(Data section)

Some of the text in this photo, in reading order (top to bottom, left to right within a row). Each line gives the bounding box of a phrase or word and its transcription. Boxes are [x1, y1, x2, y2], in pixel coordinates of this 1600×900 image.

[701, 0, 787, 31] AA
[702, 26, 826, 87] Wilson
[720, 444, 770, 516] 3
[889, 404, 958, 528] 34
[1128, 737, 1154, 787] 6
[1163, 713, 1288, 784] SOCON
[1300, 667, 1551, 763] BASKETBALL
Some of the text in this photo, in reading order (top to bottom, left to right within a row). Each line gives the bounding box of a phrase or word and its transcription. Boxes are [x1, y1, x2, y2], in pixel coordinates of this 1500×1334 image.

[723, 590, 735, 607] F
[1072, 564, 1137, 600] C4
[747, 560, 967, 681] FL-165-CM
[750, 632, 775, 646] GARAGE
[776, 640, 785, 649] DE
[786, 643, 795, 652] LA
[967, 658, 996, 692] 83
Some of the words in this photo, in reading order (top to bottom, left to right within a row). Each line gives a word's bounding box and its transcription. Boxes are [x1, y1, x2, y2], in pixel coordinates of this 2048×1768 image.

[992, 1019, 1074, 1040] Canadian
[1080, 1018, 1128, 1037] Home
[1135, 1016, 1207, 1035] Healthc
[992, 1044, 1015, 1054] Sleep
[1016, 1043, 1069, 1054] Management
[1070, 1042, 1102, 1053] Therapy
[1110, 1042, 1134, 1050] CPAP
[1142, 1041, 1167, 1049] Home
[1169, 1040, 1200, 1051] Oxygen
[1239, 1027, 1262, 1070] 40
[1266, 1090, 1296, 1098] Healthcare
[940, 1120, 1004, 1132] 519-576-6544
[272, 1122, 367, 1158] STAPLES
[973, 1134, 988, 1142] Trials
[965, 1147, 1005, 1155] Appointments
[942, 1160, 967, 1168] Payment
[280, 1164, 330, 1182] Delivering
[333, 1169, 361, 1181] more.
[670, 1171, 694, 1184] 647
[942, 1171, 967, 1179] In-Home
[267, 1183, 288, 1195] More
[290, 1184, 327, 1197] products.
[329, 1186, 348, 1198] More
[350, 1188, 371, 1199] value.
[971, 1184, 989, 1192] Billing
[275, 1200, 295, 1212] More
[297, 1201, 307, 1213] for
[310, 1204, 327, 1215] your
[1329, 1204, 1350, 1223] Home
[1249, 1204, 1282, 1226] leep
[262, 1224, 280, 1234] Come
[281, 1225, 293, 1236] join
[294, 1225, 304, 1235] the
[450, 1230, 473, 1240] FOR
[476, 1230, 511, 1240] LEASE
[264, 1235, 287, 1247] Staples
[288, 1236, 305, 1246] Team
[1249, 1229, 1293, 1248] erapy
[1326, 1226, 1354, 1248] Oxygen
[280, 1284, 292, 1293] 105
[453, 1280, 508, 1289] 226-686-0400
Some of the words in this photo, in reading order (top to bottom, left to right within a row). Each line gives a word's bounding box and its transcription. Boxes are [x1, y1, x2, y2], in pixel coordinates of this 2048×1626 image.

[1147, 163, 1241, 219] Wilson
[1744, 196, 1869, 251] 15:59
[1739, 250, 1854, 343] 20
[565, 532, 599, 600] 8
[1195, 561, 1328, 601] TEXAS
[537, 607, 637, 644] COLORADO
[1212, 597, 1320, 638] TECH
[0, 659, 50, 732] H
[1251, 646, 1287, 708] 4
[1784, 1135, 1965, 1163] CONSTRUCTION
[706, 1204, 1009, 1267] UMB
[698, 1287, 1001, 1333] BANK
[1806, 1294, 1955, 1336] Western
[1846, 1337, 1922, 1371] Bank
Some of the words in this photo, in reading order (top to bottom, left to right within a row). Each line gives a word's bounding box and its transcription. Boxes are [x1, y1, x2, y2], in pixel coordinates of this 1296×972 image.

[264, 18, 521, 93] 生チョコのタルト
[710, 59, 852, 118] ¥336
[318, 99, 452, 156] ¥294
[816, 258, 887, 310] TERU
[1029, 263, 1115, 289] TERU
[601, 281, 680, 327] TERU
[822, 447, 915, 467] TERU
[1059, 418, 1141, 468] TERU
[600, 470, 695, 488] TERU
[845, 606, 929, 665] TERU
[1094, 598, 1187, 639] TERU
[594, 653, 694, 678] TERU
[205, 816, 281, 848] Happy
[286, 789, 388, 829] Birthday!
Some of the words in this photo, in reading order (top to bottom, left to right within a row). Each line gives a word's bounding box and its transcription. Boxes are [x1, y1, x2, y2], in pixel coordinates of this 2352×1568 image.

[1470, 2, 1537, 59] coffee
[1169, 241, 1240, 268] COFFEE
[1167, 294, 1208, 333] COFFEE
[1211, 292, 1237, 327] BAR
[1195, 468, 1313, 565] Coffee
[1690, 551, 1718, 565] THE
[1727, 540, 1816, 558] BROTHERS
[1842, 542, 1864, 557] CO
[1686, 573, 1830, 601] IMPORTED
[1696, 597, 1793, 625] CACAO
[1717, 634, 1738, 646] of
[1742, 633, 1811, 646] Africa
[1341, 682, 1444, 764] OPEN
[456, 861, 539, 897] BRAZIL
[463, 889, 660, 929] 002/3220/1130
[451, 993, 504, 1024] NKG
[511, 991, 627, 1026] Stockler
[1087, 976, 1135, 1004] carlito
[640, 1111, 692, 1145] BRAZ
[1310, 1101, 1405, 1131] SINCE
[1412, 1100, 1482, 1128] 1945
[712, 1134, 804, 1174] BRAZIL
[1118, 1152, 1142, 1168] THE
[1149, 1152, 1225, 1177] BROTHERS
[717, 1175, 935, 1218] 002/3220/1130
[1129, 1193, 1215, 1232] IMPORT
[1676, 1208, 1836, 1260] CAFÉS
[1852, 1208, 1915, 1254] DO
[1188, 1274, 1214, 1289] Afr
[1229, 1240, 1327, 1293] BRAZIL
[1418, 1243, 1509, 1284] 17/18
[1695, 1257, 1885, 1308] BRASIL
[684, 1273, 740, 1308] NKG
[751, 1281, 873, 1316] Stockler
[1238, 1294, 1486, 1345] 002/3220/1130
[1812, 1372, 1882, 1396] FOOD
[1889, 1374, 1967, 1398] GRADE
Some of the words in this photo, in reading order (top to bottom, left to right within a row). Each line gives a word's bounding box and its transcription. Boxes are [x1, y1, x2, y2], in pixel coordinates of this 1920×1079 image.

(End Data section)

# [What you should do]
The answer must be a word-for-word transcription of every record above.

# [Exercise solution]
Some of the text in this photo, in reading order (top to bottom, left to right within a row). Each line gives the bounding box of a phrase or word and its transcription. Boxes are [x1, y1, x2, y2], in pixel coordinates of this 1600×900 image.

[701, 0, 787, 31] AA
[702, 26, 826, 87] Wilson
[720, 444, 770, 516] 3
[889, 404, 958, 528] 34
[1128, 737, 1154, 787] 6
[1163, 713, 1288, 784] SOCON
[1300, 667, 1551, 763] BASKETBALL
Some of the text in this photo, in reading order (top to bottom, left to right within a row). Each line gives the bounding box of a phrase or word and its transcription. Boxes are [x1, y1, x2, y2], in pixel coordinates of this 1500×1334 image.

[723, 590, 735, 607] F
[1072, 564, 1137, 600] C4
[747, 560, 967, 681] FL-165-CM
[750, 632, 775, 646] GARAGE
[776, 640, 785, 649] DE
[786, 643, 795, 652] LA
[967, 658, 996, 692] 83
Some of the words in this photo, in reading order (top to bottom, left to right within a row). Each line gives a word's bounding box and its transcription. Boxes are [x1, y1, x2, y2], in pixel coordinates of this 2048×1768 image.

[992, 1019, 1074, 1040] Canadian
[1080, 1018, 1128, 1037] Home
[1135, 1016, 1207, 1035] Healthc
[992, 1044, 1015, 1054] Sleep
[1016, 1043, 1069, 1054] Management
[1070, 1042, 1102, 1053] Therapy
[1110, 1042, 1134, 1050] CPAP
[1142, 1041, 1167, 1049] Home
[1169, 1040, 1200, 1051] Oxygen
[1239, 1027, 1262, 1070] 40
[1266, 1090, 1296, 1098] Healthcare
[940, 1120, 1004, 1132] 519-576-6544
[272, 1122, 367, 1158] STAPLES
[973, 1134, 988, 1142] Trials
[965, 1147, 1005, 1155] Appointments
[942, 1160, 967, 1168] Payment
[280, 1164, 330, 1182] Delivering
[333, 1169, 361, 1181] more.
[670, 1171, 694, 1184] 647
[942, 1171, 967, 1179] In-Home
[267, 1183, 288, 1195] More
[290, 1184, 327, 1197] products.
[329, 1186, 348, 1198] More
[350, 1188, 371, 1199] value.
[971, 1184, 989, 1192] Billing
[275, 1200, 295, 1212] More
[297, 1201, 307, 1213] for
[310, 1204, 327, 1215] your
[1329, 1204, 1350, 1223] Home
[1249, 1204, 1282, 1226] leep
[262, 1224, 280, 1234] Come
[281, 1225, 293, 1236] join
[294, 1225, 304, 1235] the
[450, 1230, 473, 1240] FOR
[476, 1230, 511, 1240] LEASE
[264, 1235, 287, 1247] Staples
[288, 1236, 305, 1246] Team
[1249, 1229, 1293, 1248] erapy
[1326, 1226, 1354, 1248] Oxygen
[280, 1284, 292, 1293] 105
[453, 1280, 508, 1289] 226-686-0400
Some of the words in this photo, in reading order (top to bottom, left to right within a row). Each line gives a word's bounding box and its transcription. Boxes are [x1, y1, x2, y2], in pixel coordinates of this 2048×1626 image.

[1147, 163, 1241, 219] Wilson
[1744, 196, 1869, 251] 15:59
[1739, 250, 1854, 343] 20
[565, 532, 599, 600] 8
[1195, 561, 1328, 601] TEXAS
[537, 607, 637, 644] COLORADO
[1212, 597, 1320, 638] TECH
[0, 659, 50, 732] H
[1251, 646, 1287, 708] 4
[1784, 1135, 1965, 1163] CONSTRUCTION
[706, 1204, 1009, 1267] UMB
[698, 1287, 1001, 1333] BANK
[1806, 1294, 1955, 1336] Western
[1846, 1337, 1922, 1371] Bank
Some of the words in this photo, in reading order (top to bottom, left to right within a row). Each line gives a word's bounding box and its transcription. Boxes are [x1, y1, x2, y2], in pixel coordinates of this 1296×972 image.

[264, 18, 521, 93] 生チョコのタルト
[710, 59, 852, 118] ¥336
[318, 99, 452, 156] ¥294
[816, 258, 887, 310] TERU
[1029, 263, 1115, 289] TERU
[601, 281, 680, 327] TERU
[822, 447, 915, 467] TERU
[1059, 418, 1141, 468] TERU
[600, 470, 695, 488] TERU
[845, 606, 929, 665] TERU
[1094, 598, 1187, 639] TERU
[594, 653, 694, 678] TERU
[205, 816, 281, 848] Happy
[286, 789, 388, 829] Birthday!
Some of the words in this photo, in reading order (top to bottom, left to right within a row). Each line gives a word's bounding box and its transcription. Boxes are [x1, y1, x2, y2], in pixel coordinates of this 2352×1568 image.

[1470, 2, 1537, 59] coffee
[1169, 241, 1240, 268] COFFEE
[1167, 294, 1208, 333] COFFEE
[1211, 292, 1237, 327] BAR
[1195, 468, 1313, 565] Coffee
[1690, 551, 1718, 565] THE
[1727, 540, 1816, 558] BROTHERS
[1842, 542, 1864, 557] CO
[1686, 573, 1830, 601] IMPORTED
[1696, 597, 1793, 625] CACAO
[1717, 634, 1738, 646] of
[1742, 633, 1811, 646] Africa
[1341, 682, 1444, 764] OPEN
[456, 861, 539, 897] BRAZIL
[463, 889, 660, 929] 002/3220/1130
[451, 993, 504, 1024] NKG
[511, 991, 627, 1026] Stockler
[1087, 976, 1135, 1004] carlito
[640, 1111, 692, 1145] BRAZ
[1310, 1101, 1405, 1131] SINCE
[1412, 1100, 1482, 1128] 1945
[712, 1134, 804, 1174] BRAZIL
[1118, 1152, 1142, 1168] THE
[1149, 1152, 1225, 1177] BROTHERS
[717, 1175, 935, 1218] 002/3220/1130
[1129, 1193, 1215, 1232] IMPORT
[1676, 1208, 1836, 1260] CAFÉS
[1852, 1208, 1915, 1254] DO
[1188, 1274, 1214, 1289] Afr
[1229, 1240, 1327, 1293] BRAZIL
[1418, 1243, 1509, 1284] 17/18
[1695, 1257, 1885, 1308] BRASIL
[684, 1273, 740, 1308] NKG
[751, 1281, 873, 1316] Stockler
[1238, 1294, 1486, 1345] 002/3220/1130
[1812, 1372, 1882, 1396] FOOD
[1889, 1374, 1967, 1398] GRADE
Some of the words in this photo, in reading order (top to bottom, left to right within a row). Each line gives a word's bounding box and its transcription. Boxes are [x1, y1, x2, y2], in pixel coordinates of this 1920×1079 image.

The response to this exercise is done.